In 2008, the Ministry of Health and Population (MoHP) launched a program for HCV care and treatment. As of 2011, 23 treatment centers had been established nationwide, with 190,000 patients treated with interferon and ribavirin (generic antiviral drugs). Sixty percent of those patients—112,000—had successfully completed the 48 week-long treatment. However significant this achievement, at least 100,000 new infections occur annually, a figure that may be considerably higher.[3]  Meanwhile, HCV treatment consumes 20 percent ($80 million) of Egypt’s annual health budget, with the state covering 40 percent of the costs and insurance companies and patients paying the balance.[4]

Unhygienic practices while administering injections is the most common way the virus is transmitted. Medical providers will sometimes change the needle but not the syringe when administering successive injections, and backwash from the syringe can carry infection. They may also use multi-dose vials for more than one patient, again changing the needle but not the syringe.

In addition, because the virus is transmitted by blood, if a worker has trace amounts of blood on his or her hands when preparing an injection, he or she can spread the infection. Good Egypt (Masr Kher), one of several NGOs attempting to contribute solutions, recently purchased and distributed latex gloves to undersupplied hospitals and clinics to assist with prevention. “They forgot to mention [that] you need to keep changing the gloves between patients,” says Miller. “And all you really need is soap and water to kill this virus.

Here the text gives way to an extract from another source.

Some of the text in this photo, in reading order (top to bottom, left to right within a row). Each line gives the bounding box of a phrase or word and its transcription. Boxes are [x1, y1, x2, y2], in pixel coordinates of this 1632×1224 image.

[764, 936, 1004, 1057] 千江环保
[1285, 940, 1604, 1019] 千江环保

Infection rates would drop if [health care providers] were just trained to be more careful about washing their hands.”   

Yet only one percent of MoHP’s HCV budget ($800,000) is devoted to prevention, through awareness-raising and improved infection control practices.[5]  Though MoHP scored a success in the early 2000s by cleaning up Egypt’s kidney dialysis treatment centers, a major source of infection, the bulk of the nation’s overburdened, underfunded hospitals, over 4,500 of which are MoHP-operated, continue to spread the virus.[6]  Considering that the HCV epidemic was fueled in its early stages by the use of poorly sterilized glass syringes during a 1962-1982 nationwide campaign to eradicate another liver pathogen, schistosomiasis, or bilharzia, prevention should be a top priority.

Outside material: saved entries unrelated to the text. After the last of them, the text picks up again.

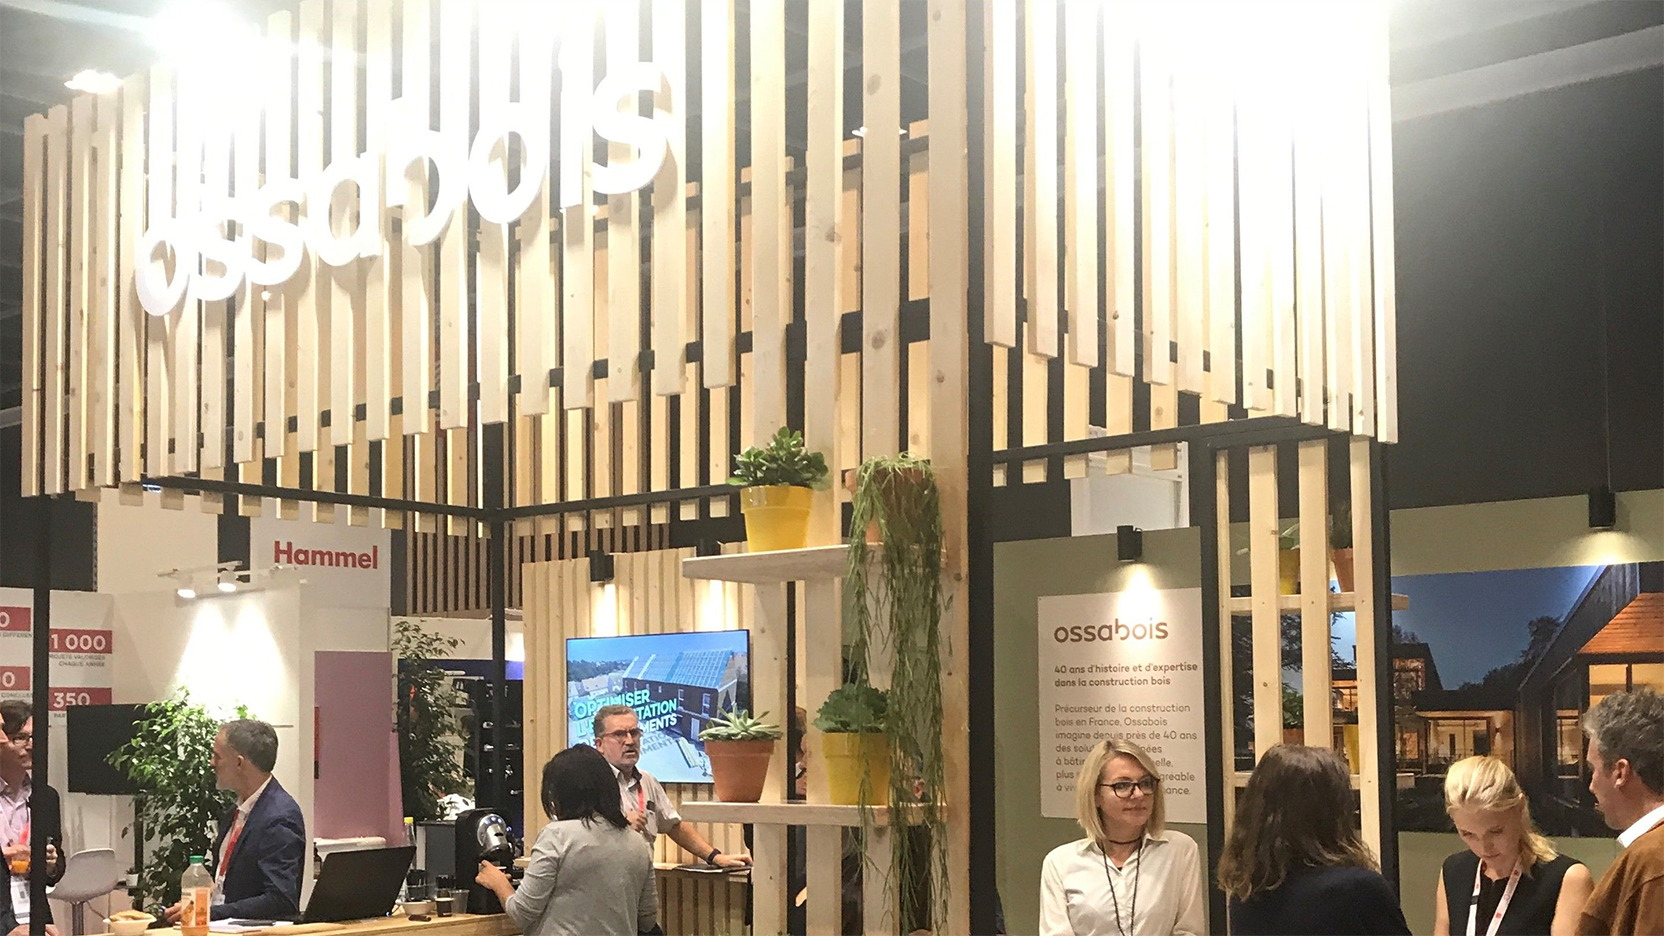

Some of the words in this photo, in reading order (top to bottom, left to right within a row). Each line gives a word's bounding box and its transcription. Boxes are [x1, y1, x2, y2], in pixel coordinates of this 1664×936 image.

[135, 31, 676, 316] ossabois
[274, 540, 378, 570] Hammel
[1053, 617, 1169, 643] ossabois
[65, 634, 106, 650] 000
[1054, 665, 1067, 674] 40
[1069, 666, 1086, 674] ans
[1087, 663, 1130, 673] d'histoire
[1132, 663, 1143, 673] et
[1145, 661, 1198, 675] d'expertise
[1054, 678, 1077, 688] dans
[1078, 678, 1087, 687] la
[1089, 676, 1149, 687] construction
[1150, 675, 1171, 686] bois
[53, 692, 91, 708] 350
[1054, 703, 1103, 713] Précurseur
[1104, 703, 1116, 713] de
[1118, 703, 1127, 713] la
[1129, 702, 1191, 713] construction
[1055, 717, 1074, 727] bois
[1075, 719, 1087, 727] en
[1123, 717, 1168, 727] Ossabois
[1055, 730, 1091, 742] imagine
[1093, 730, 1124, 741] depuis
[1126, 730, 1147, 741] près
[1148, 730, 1161, 740] de
[1163, 730, 1177, 740] 40
[1179, 732, 1198, 740] ans
[1055, 744, 1072, 753] des
[1055, 756, 1062, 766] à
[1055, 770, 1075, 781] plus
[1159, 772, 1196, 783] gréable
[1056, 783, 1063, 792] à

The experience of Mahmoud Zalabany, a 28-year-old internal medicine resident at Cairo’s Ahmed Maher Teaching Hospital, illustrates the situation from the perspective of both health care providers and patients.  In 2008, while attending medical school at the University of Mansoura in the Nile Delta, Zalabany’s father suffered what appeared to be sudden liver failure and died 40 days later, having unsuccessfully sought the appropriate diagnosis and treatment in several hospitals for what turned out to be HCV. Since those infected rarely exhibit symptoms, HCV may not be identified until irreparable liver damage is done. Of every 100 people infected, one to five will die of cancer or cirrhosis of the liver. 

During his posting at a family clinic near his university, Zalabany spoke to doctors and nurses. “They knew almost nothing about HCV and were not only caring for people, but were under high risk of infection themselves,” he says. Determined to launch a prevention campaign targeting medical professionals, Zalabany started a website in 2011 after he found little Arabic language HCV infection control information online.[7] Instead, he came across Miller’s website, which outlines prevention measures in English.[8] With Miller, Zalabany planned to run a pilot study to demonstrate the high risks of HCV exposure in small health facilities. Although a private Egyptian company offered to fund the project through a charity organization it sponsors, permissions were stalled by the MoHP, whose activities have been disrupted, along with those of other administrative authorities, by six cabinet changes in the last three years.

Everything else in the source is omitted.